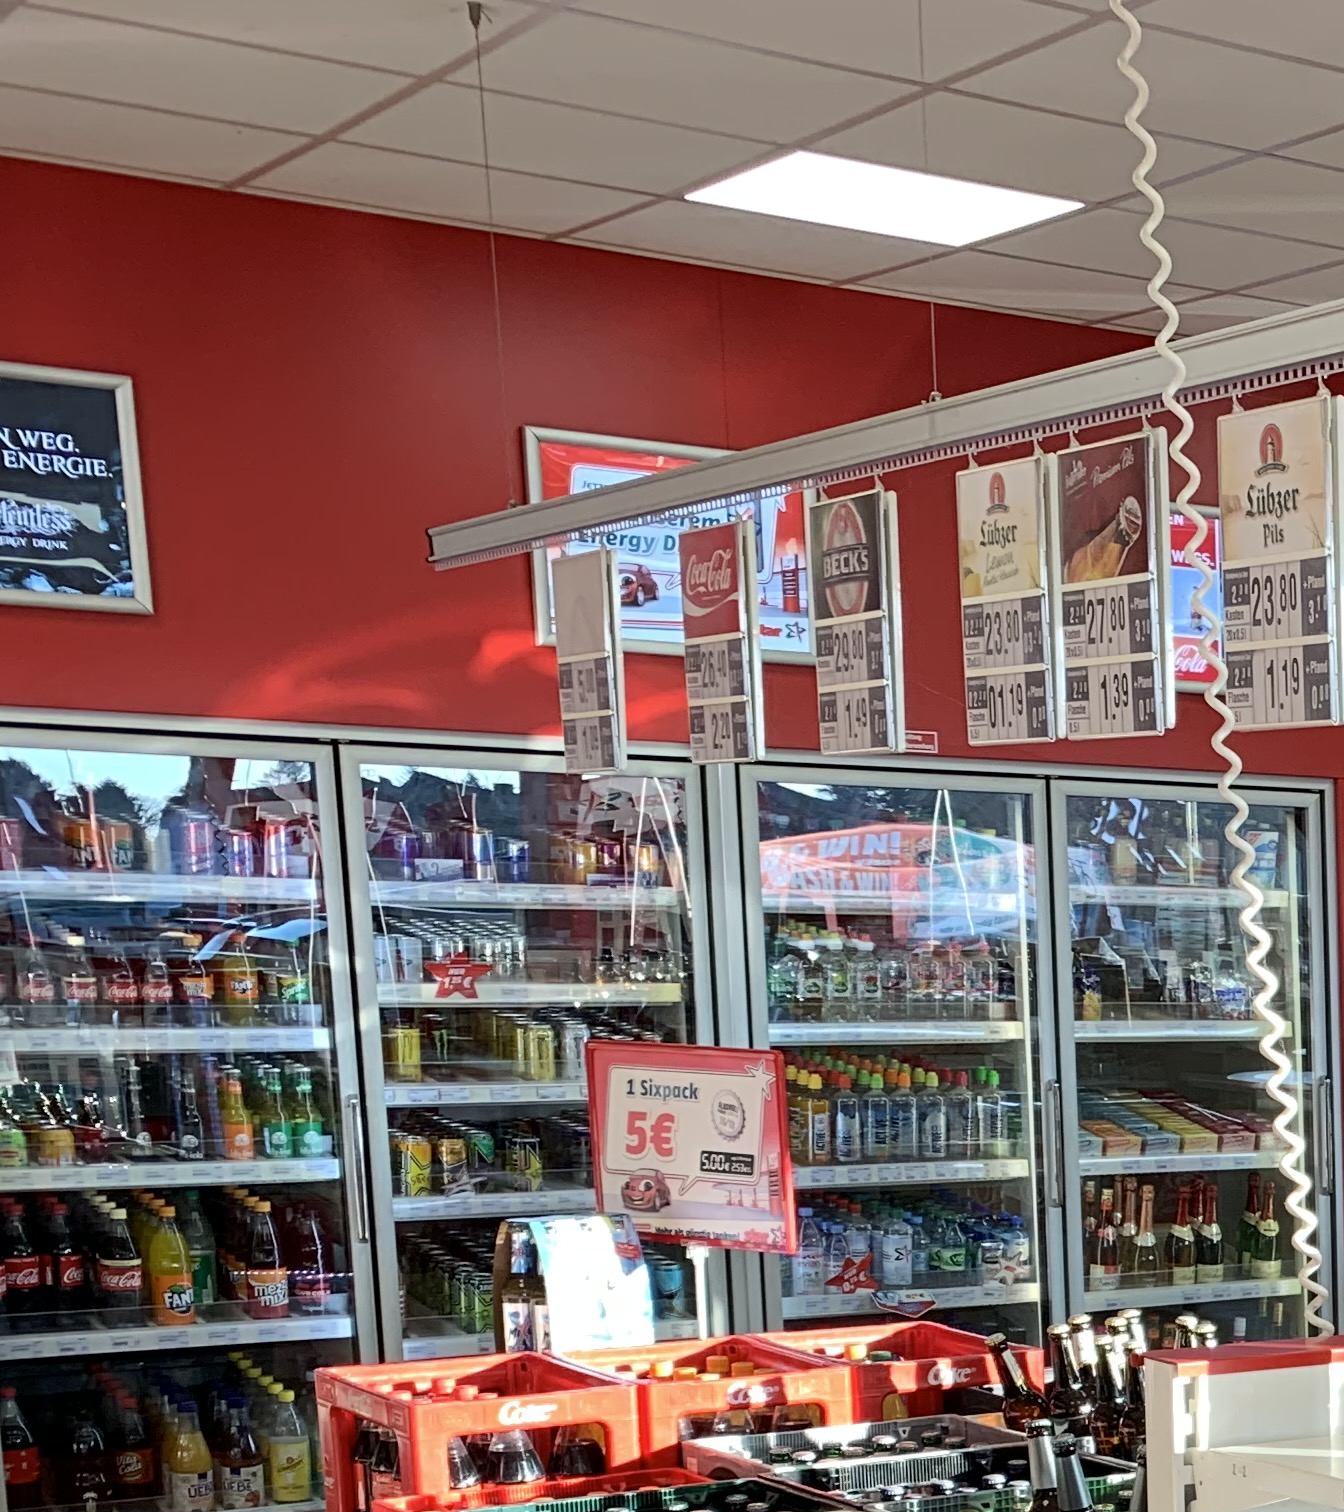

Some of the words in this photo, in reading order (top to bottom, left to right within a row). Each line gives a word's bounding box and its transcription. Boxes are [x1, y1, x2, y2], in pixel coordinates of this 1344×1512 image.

[16, 428, 80, 453] WEG.
[3, 450, 113, 478] ENERGIE.
[0, 499, 73, 537] lentless
[1245, 484, 1300, 519] Lübzer
[979, 519, 1018, 549] Lübzer
[1262, 522, 1285, 548] Pils
[823, 549, 869, 579] BECK'S
[1251, 572, 1297, 627] 23.80
[984, 609, 1020, 656] 23.80
[1086, 595, 1126, 645] 27.80
[701, 648, 728, 690] 26.40
[833, 629, 865, 673] 29.80
[1100, 672, 1129, 721] 1.39
[1266, 657, 1300, 710] 1.19
[711, 710, 731, 750] 2.20
[843, 697, 868, 739] 1.49
[626, 1078, 635, 1096] 1
[640, 1078, 698, 1102] Sixpack
[625, 1110, 676, 1158] 5€
[163, 1290, 195, 1309] FANT
[927, 1362, 977, 1386] Coke
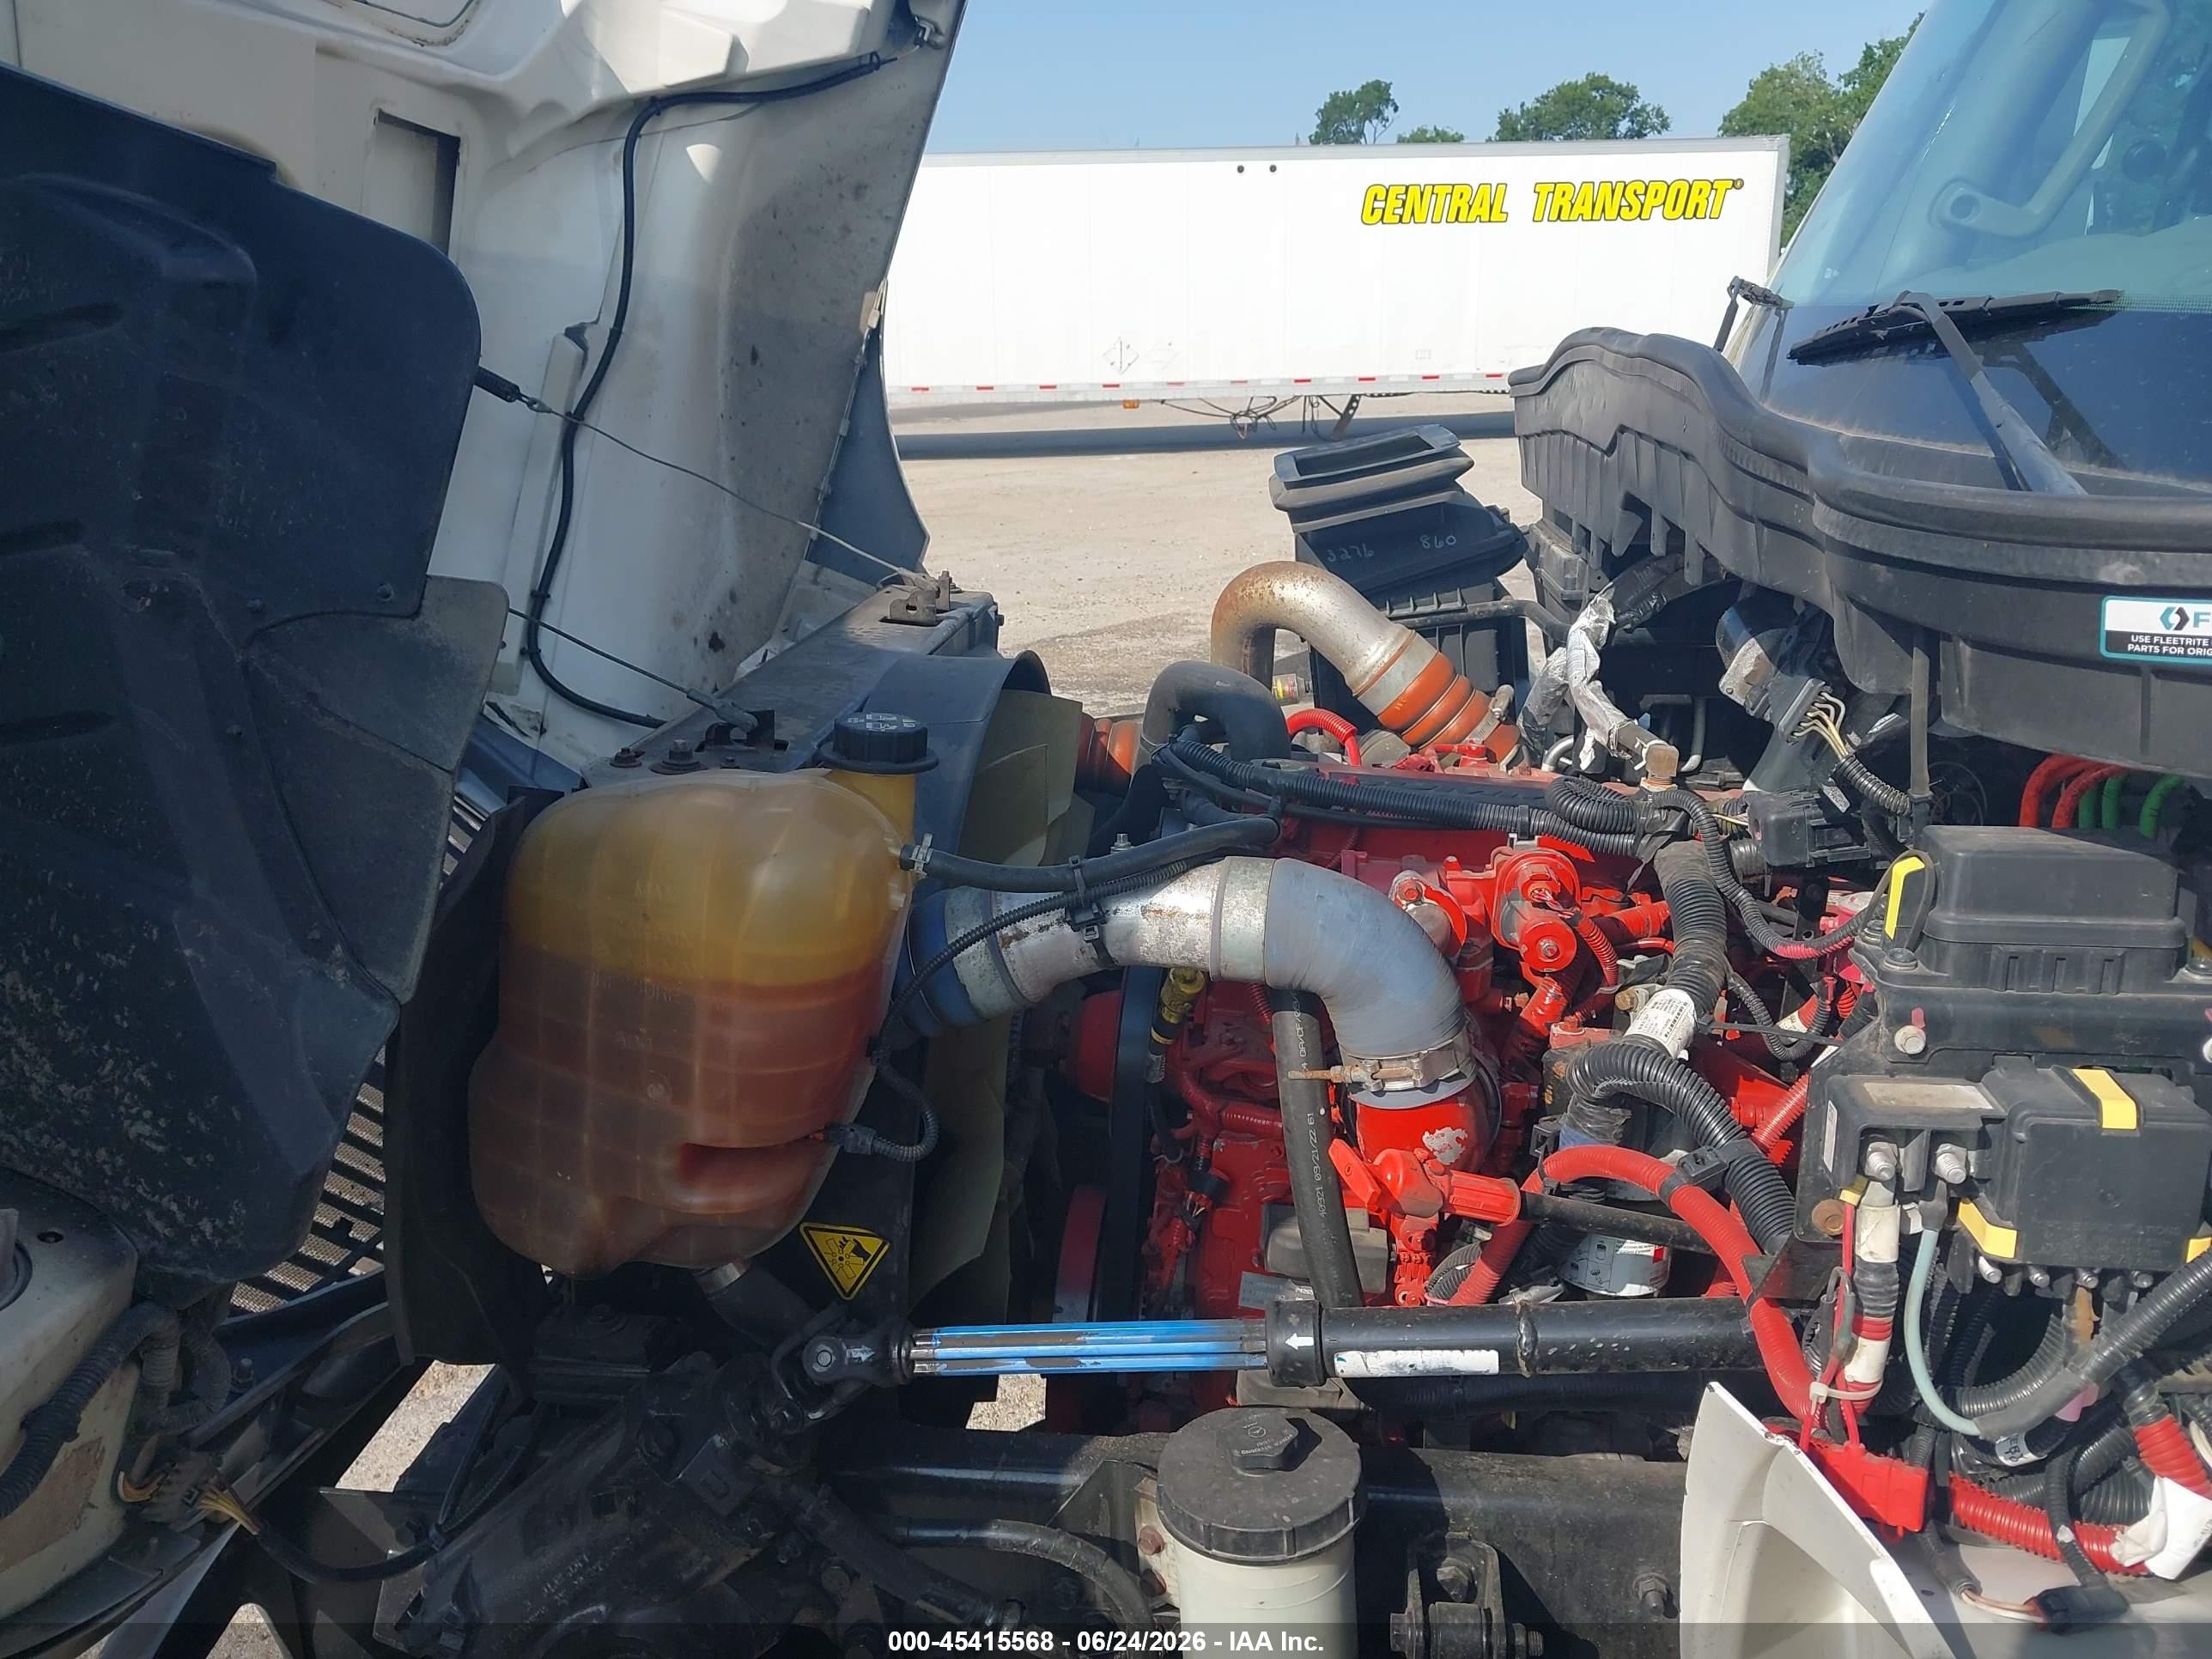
+-------+
## The problem:
Output the data above exactly, excluding images.

## Response area:
Some of the words in this photo, in reading order (top to bottom, left to right within a row). Each line gives a word's bounding box and its transcription. Boxes are [x1, y1, x2, y2], in pixel coordinates of this 1344×1512 image.

[16, 428, 80, 453] WEG.
[3, 450, 113, 478] ENERGIE.
[0, 499, 73, 537] lentless
[1245, 484, 1300, 519] Lübzer
[979, 519, 1018, 549] Lübzer
[1262, 522, 1285, 548] Pils
[823, 549, 869, 579] BECK'S
[1251, 572, 1297, 627] 23.80
[984, 609, 1020, 656] 23.80
[1086, 595, 1126, 645] 27.80
[701, 648, 728, 690] 26.40
[833, 629, 865, 673] 29.80
[1100, 672, 1129, 721] 1.39
[1266, 657, 1300, 710] 1.19
[711, 710, 731, 750] 2.20
[843, 697, 868, 739] 1.49
[626, 1078, 635, 1096] 1
[640, 1078, 698, 1102] Sixpack
[625, 1110, 676, 1158] 5€
[163, 1290, 195, 1309] FANT
[927, 1362, 977, 1386] Coke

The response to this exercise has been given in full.